Points are defined as shown. It is pretty easy to show that $\triangle AFE \sim \triangle AGH$ by spiral similarity at $A$ by some short angle chasing. Now, note that $AD$ is the altitude of $\triangle AFE$ , as the altitude of $AGH$ . We need to compare these altitudes in order to compare their areas. Note that Stewart's theorem implies that $AD/2 = \frac{\sqrt{18}}{2}$ , the altitude of $\triangle AFE$ . Similarly, the altitude of $\triangle AGH$ is the altitude of $\triangle ABC$ , or $\frac{3\sqrt{7}}{2}$ . However, it's not too hard to see that $GB = HC = 1$ , and therefore $[AGH] = [ABC]$ . From here, we get that the area of $\triangle ABC$ is $\frac{15\sqrt{7}}{14} \implies \boxed{036}$ , by similarity. ~awang11

Solution 2

Let $M_A$ , $M_B$ , $M_C$ be the midpoints of arcs $BC$ , $CA$ , $AB$ . By Fact 5, we know that $M_AB = M_AC = M_AI$ , and so by Ptolmey's theorem, we deduce that $AB\cdot M_AC + AC\cdot M_AB = BC\cdot M_AA \implies M_AA = 2M_AI.$ In particular, we have $AI = IM_A$ . $[asy] defaultpen(fontsize(10pt)); size(200); pair A, B, C, D, E, F, I, P, MA, MB, MC; B = (0,0); C = (5,0); A = IP(Circle(B, 4), Circle(C, 6), 0); I = incenter(A, B, C); D = extension(A, I, B, C); P = midpoint(A--D); E = extension(P, rotate(90, P)*A, B, I); F = extension(P, rotate(90, P)*A, C, I); MA = IP(Line(A, I, 20), circumcircle(A, B, C), 1); MB = IP(Line(B, I, 20), circumcircle(A, B, C), 1); MC = IP(Line(C, I, 20), circumcircle(A, B, C), 1); draw(A--B--C--cycle, orange); draw(circumcircle(A, B, C), red); draw(A--E--F--cycle, lightblue); draw(E--D--F, lightblue); draw(A--MA^^B--MB^^C--MC, heavygreen); draw(MA--MB--MC--cycle, magenta); dot("$A$", A, dir(120)); dot("$B$", B, dir(220)); dot("$C$", C, dir(320)); dot("$D$", D, dir(230)); dot("$E$", E, dir(330)); dot("$F$", F, dir(250)); dot("$I$", I, dir(80)); dot("$M_A$", MA, dir(270)); dot("$M_B$", MB, dir(60)); dot("$M_C$", MC, dir(150)); [/asy]$ Now the key claim is that:

Claim: $\triangle DEF$ and $\triangle M_AM_BM_C$ are homothetic at $I$ with ratio $2$ .

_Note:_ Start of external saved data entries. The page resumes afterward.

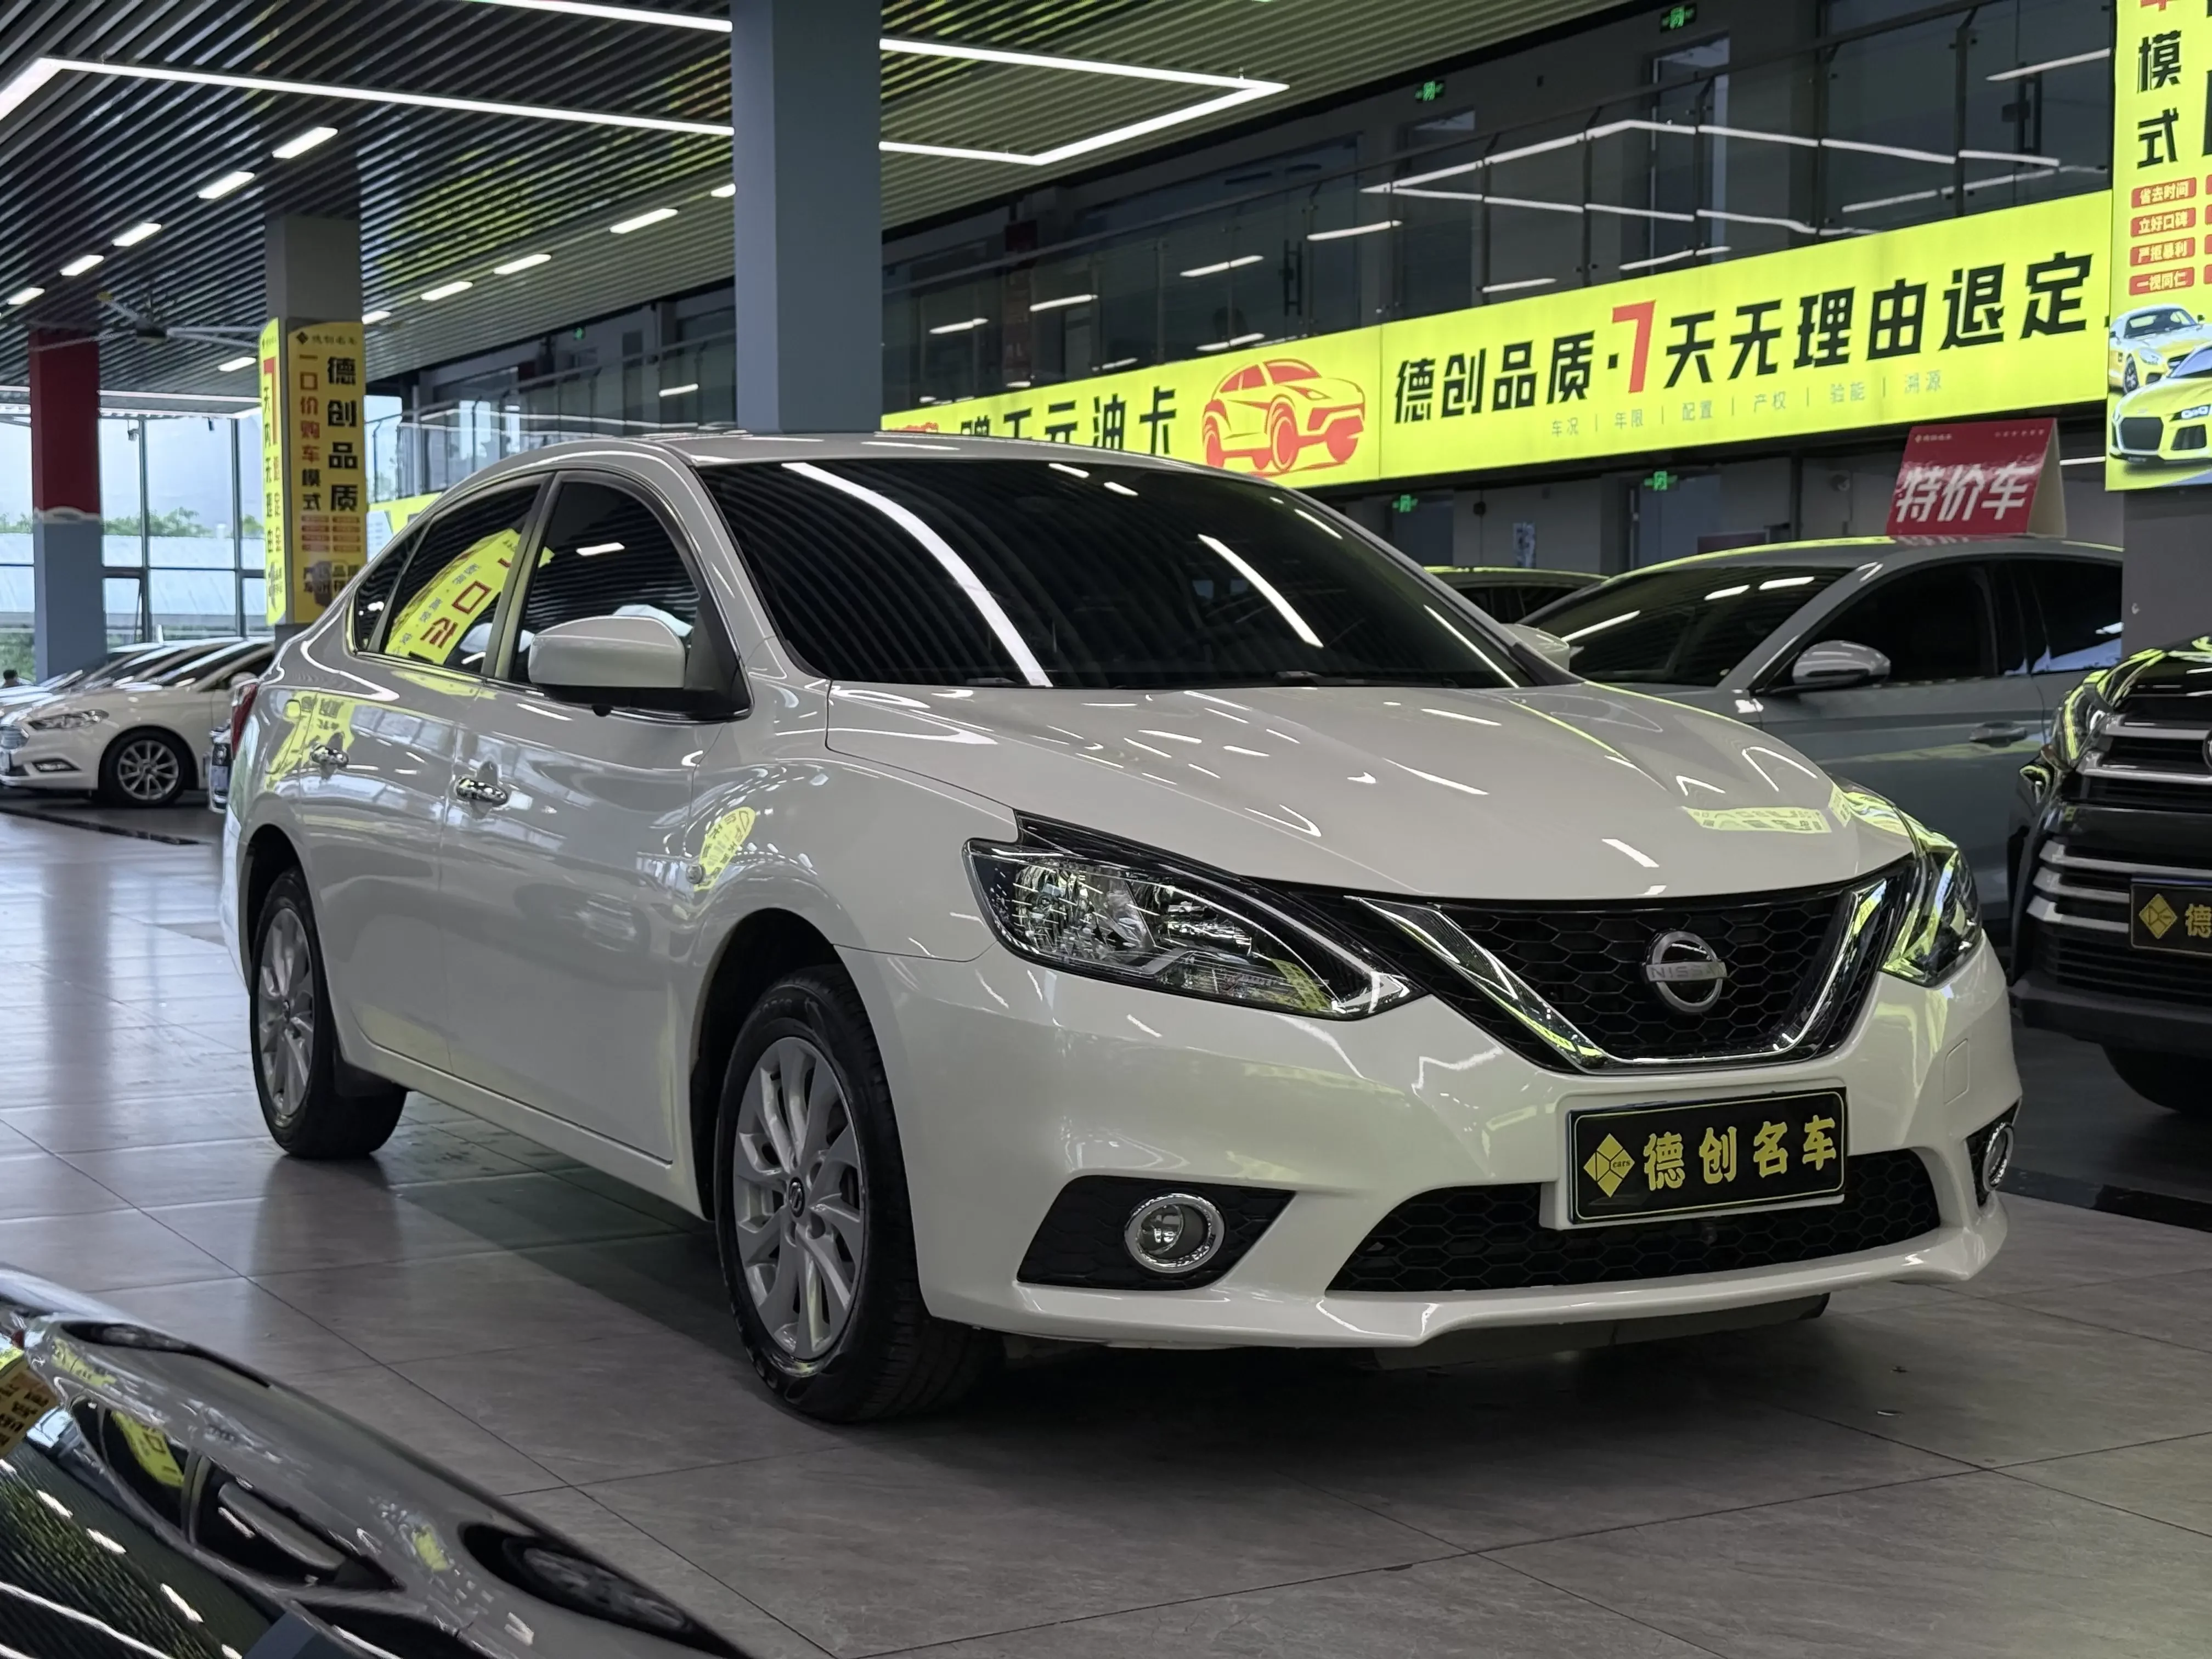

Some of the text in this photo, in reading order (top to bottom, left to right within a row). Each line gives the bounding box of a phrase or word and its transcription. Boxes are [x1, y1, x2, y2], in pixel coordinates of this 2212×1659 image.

[2137, 0, 2182, 168] 模式
[2140, 181, 2189, 205] 省去时间
[2138, 211, 2188, 234] 立好口碑
[2136, 271, 2186, 291] 一视同仁
[300, 354, 320, 511] 一口价购车模式
[1551, 417, 1578, 437] 车况
[1615, 409, 1644, 429] 年限
[1682, 400, 1712, 421] 配置
[1753, 391, 1786, 413] 产权
[328, 357, 358, 512] 德创品质
[1896, 461, 2037, 522] 特价车
[2185, 904, 2212, 939] 德
[1650, 962, 1724, 979] NISSAN
[1613, 1160, 1631, 1169] cars
[1644, 1115, 1836, 1190] 德创名车
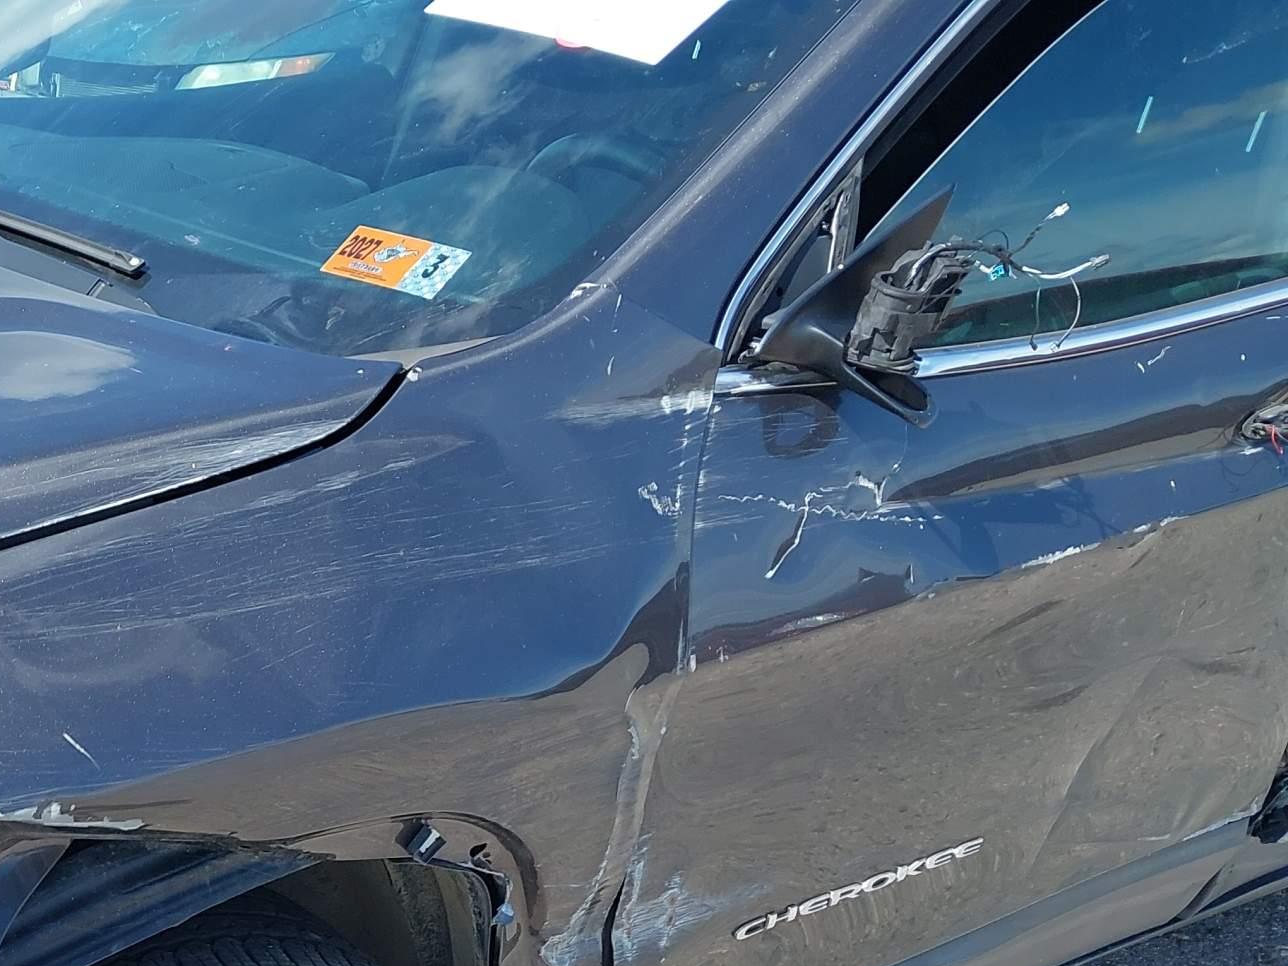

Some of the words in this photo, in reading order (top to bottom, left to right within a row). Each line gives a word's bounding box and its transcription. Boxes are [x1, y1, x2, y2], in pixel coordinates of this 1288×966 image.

[338, 234, 383, 260] 2027
[421, 253, 449, 278] 3
[734, 837, 985, 940] CHEROKEE

Proof. First, we show that $D$ is the midpoint of $M_AI$ . Indeed, we have $\frac{ID}{DM_A} = \frac{BI}{BM_A}\cdot \frac{\sin\angle IBC}{\sin \angle CBM_A} = \frac{BI}{AI}\cdot\frac{\sin \angle B/2}{\sin \angle A/2} = 1$ by Ratio lemma and Law of Sines.

Now observe that:

$\overline{M_BM_C}$ is the perpendicular bisector of $\overline{AI}$ ,
$\overline{EF}$ is the perpendicular bisector of $\overline{AD}$ , and
$ID = AI/2$ .

Combining these facts gives that $\overline{EF}$ is a midline in $\triangle IM_BM_C$ , which proves the claim. $\blacksquare$

To finish, we compute $[M_AM_BM_C]$ , noting that $[AEF] = [DEF] = \tfrac{1}{4}[M_AM_BM_C]$ .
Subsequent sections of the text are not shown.